» Data to use
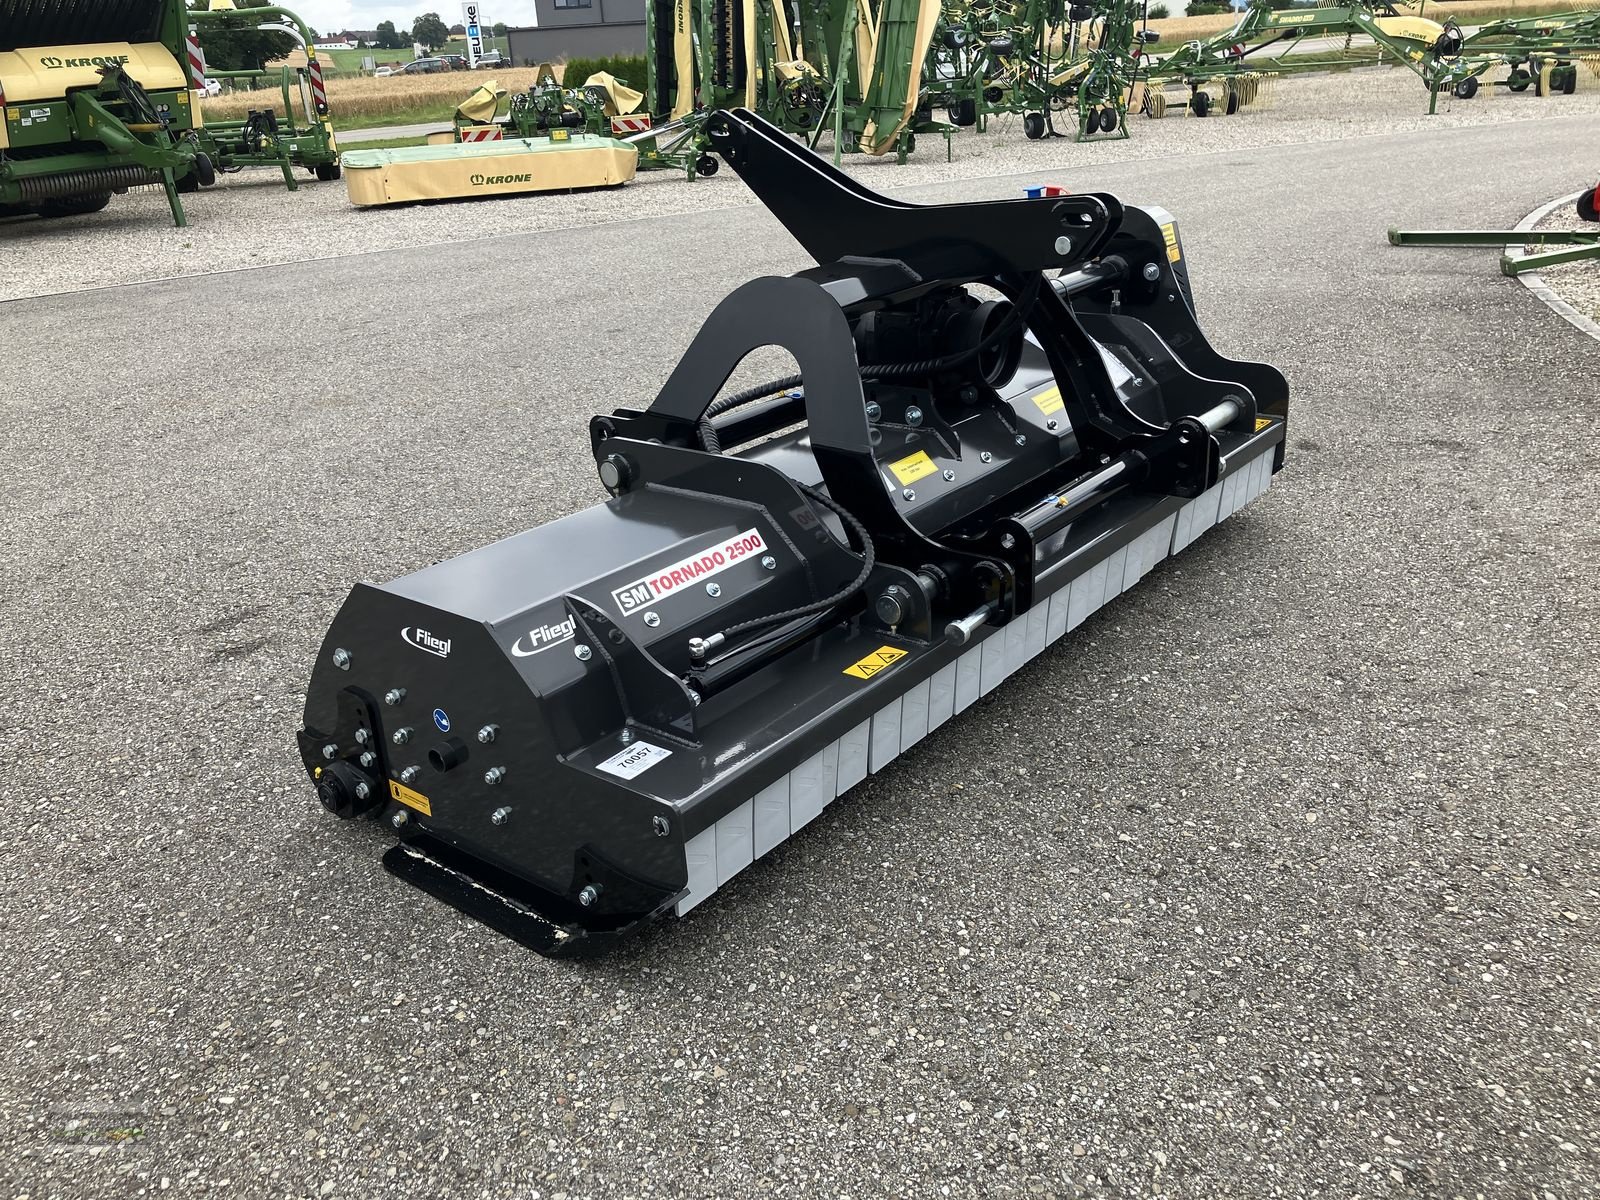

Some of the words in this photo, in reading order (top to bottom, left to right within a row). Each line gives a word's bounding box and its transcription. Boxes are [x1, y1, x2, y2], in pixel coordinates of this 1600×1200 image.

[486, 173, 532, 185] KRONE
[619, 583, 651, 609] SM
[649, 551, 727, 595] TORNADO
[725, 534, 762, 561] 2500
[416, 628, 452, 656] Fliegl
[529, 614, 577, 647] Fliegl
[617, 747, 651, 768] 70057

» What you are asked to do
Transcribe the listing exactly; omit all images.

» Answer space
Some of the words in this photo, in reading order (top to bottom, left to right within a row). Each line gives a word's bounding box and its transcription. Boxes are [x1, y1, x2, y2], in pixel coordinates of this 1600×1200 image.

[486, 173, 532, 185] KRONE
[619, 583, 651, 609] SM
[649, 551, 727, 595] TORNADO
[725, 534, 762, 561] 2500
[416, 628, 452, 656] Fliegl
[529, 614, 577, 647] Fliegl
[617, 747, 651, 768] 70057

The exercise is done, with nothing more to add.